Lost Generation: How I Survived a Muppet Ice Age, and Lived to Tell the Tale

Part Three in Our Seven-Part Series of Muppet Reviews

According to the history books—the ones that haven’t been neutered by these damn politicians, anyway—the Muppet Ice Age began in the late 20th century A.D.

It’s hard to pinpoint the precise beginning. Was it 1996, when ABC pulled Muppets Tonight after only 10 episodes? Was it 1999, when Muppets from Space lost millions at the box office? Was it 2004, when Disney acquired and promptly squandered the franchise, madly reassigning them to different divisions of the company? Or was it far earlier than that: 1990, the year Kermit lost his voice, the year that the Muppets lost their creator, the year that Jim Henson died? After all, how could the children of the 1990s and 2000s be anything other than a Lost Generation, raised as they were by mere mothers and fathers, without that crucial third parent Jim Henson to nurture them?

Well, here’s how. I was two years old when Jim Henson died, and somehow I survived the Muppet Ice Age.

Muppet Babies was my favorite show, at an age when “favorite show” meant only that I watched it compulsively, sucked my thumb, and admired Baby Animal as a role model. If I feel a strange ownership over the Muppets, it’s because when I met them, they were toddlers just like me. They turned skyward to talk to adults, navigated around couches as if they were geographical features, and sang hymns to the power of imagination.

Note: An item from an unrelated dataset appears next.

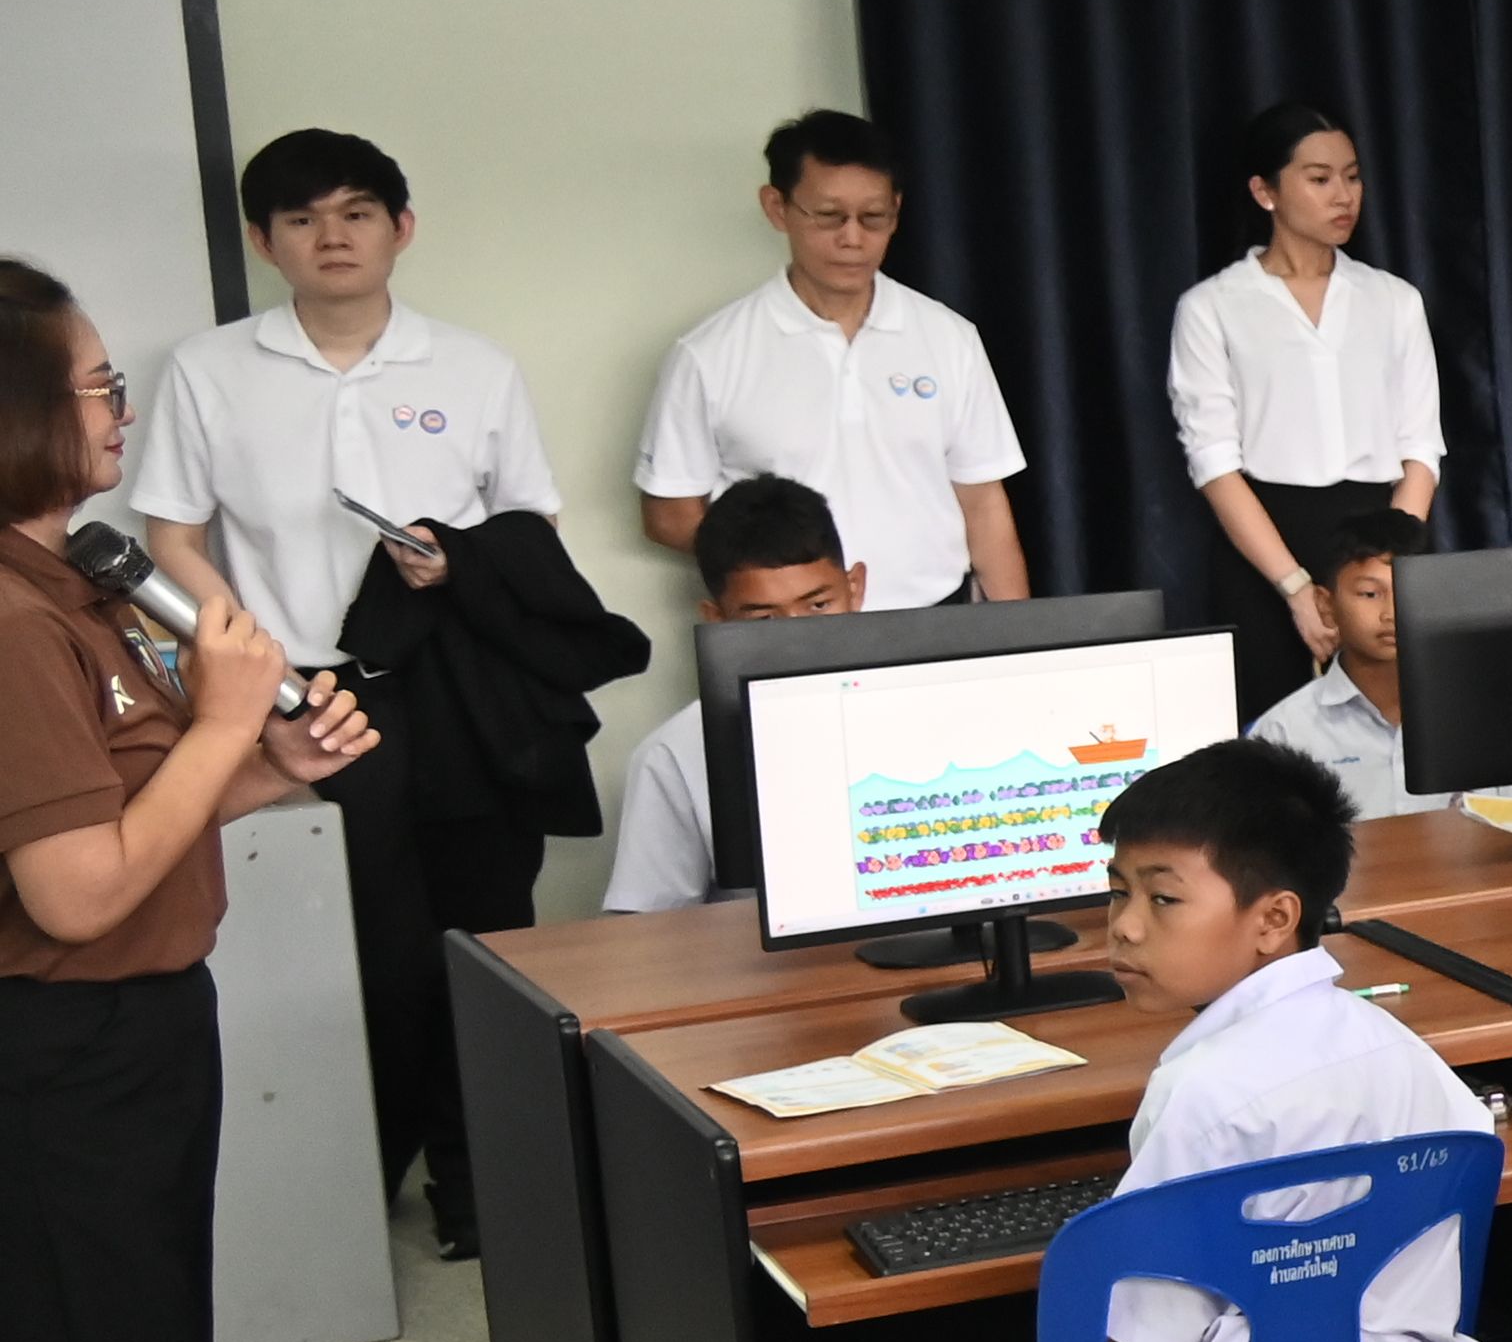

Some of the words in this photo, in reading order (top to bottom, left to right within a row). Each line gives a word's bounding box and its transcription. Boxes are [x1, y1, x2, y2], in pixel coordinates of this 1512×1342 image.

[1397, 1147, 1449, 1173] 81/65
[1251, 1232, 1356, 1265] กองการศึกษาเทศบาล
[1269, 1254, 1339, 1285] ตำบลกรับใหญ่
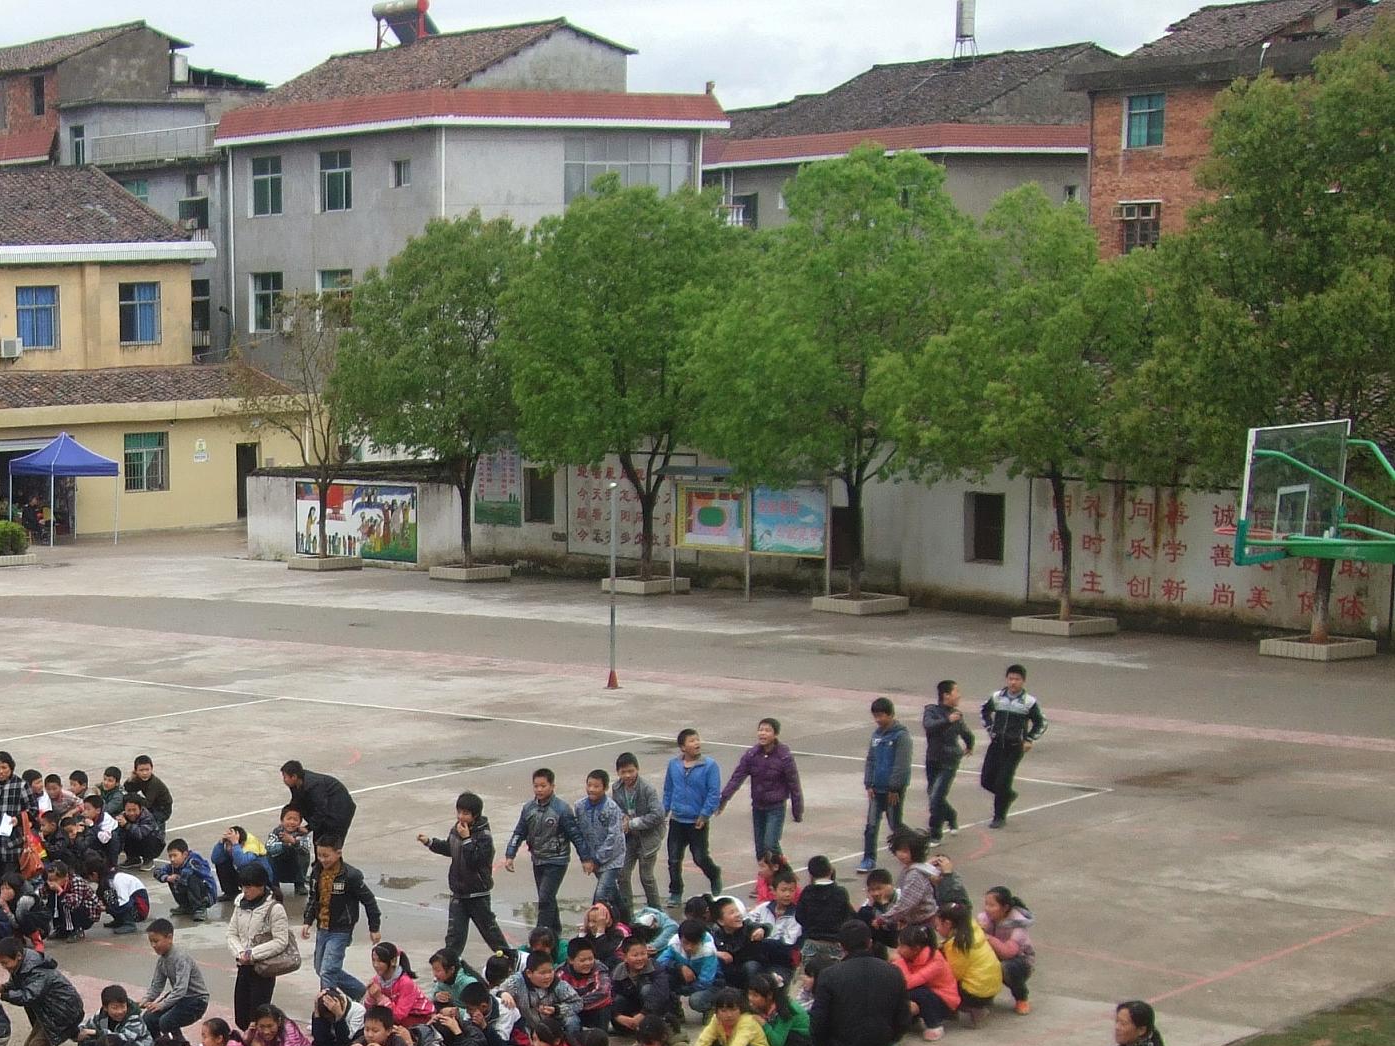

The post-Henson films shaped my childhood, too. The Muppet Christmas Carol left me struggling for years to distinguish Gonzo from the character he played, some author named Charles Dickens. (I’m still not sure which one had a wisecracking rat sidekick.) Christmas Carol remains my favorite Muppet film, and Dickens has held up all right, too. My views on Muppet Treasure Island have evolved—boy Muppets dressed as girls don’t slay me the way they did when I was nine—but I still defend the Kermit-Piggy ballad “Love Led Us Here,” sung while they dangle upside down over a cliff, as the most romantic song of the 1990s. Celine Dion can go drown in the North Atlantic for all I care.

The centerpiece of my Muppet universe, though, was Muppets Tonight.

Now thirteen years off the air, Muppets Tonight rarely earns a word of mention from anyone, and when it does, that word is usually “short-lived.” Sometimes “flop” or “bomb” or—if the writer has column space to spare—“ratings fiasco.”

But at age 10, I didn’t know that, and wouldn’t have cared. What The Muppet Show three decades earlier gave to so many people, Muppets Tonight gave to me: something to share with my family, a source of inside jokes and automatic laughs that lasted us for years. My father recorded the series onto VHS tapes that my sisters and I watched over and over. My mother used to crack us up by imitating the leg-wagging dance that Kermit performs in one episode. When my mother died three years later, I struggled to cling to memories of her, but for whatever reason, that goofy dance stayed crisp in my mind.

Of course, Muppets Tonight failed, and the Muppets vanished from primetime TV. Three years later they vanished from theaters, too, and even the diehards had to agree that the Muppet Ice Age was underway.


Now it’s 2011, and in rides Jason Segel, a white knight from the far-off kingdom of R-rated comedies, promising to break the curse and wake the sleeping franchise.

Segel’s new film is steeped in Muppet history—even worshipful of it. The movie deifies “The Rainbow Connection” (from 1979), recreates the Muppet Show opening shot by shot (1976), and features a Muppets Take Manhattan-like sequence (1985) with the gang trying to sell their show to a parade of uninterested entertainment bigwigs.

What’s missing is everything since Henson’s death. Rizzo the Rat, Pepe the Prawn, Bobo the Bear—fixtures of the 1990s, these Muppets are shunted to the sidelines, if they appear at all. The Muppets isn’t a revival so much as a reboot, jettisoning all the characters that have evolved since I became a fan.

I won’t pretend I didn’t love the movie. But it’s strangely alienating to see the Muppets back in the spotlight, for a movie that brims with nostalgia—and then to realize that the things I’m nostalgic for are precisely the ones that Segel and company wish to forget.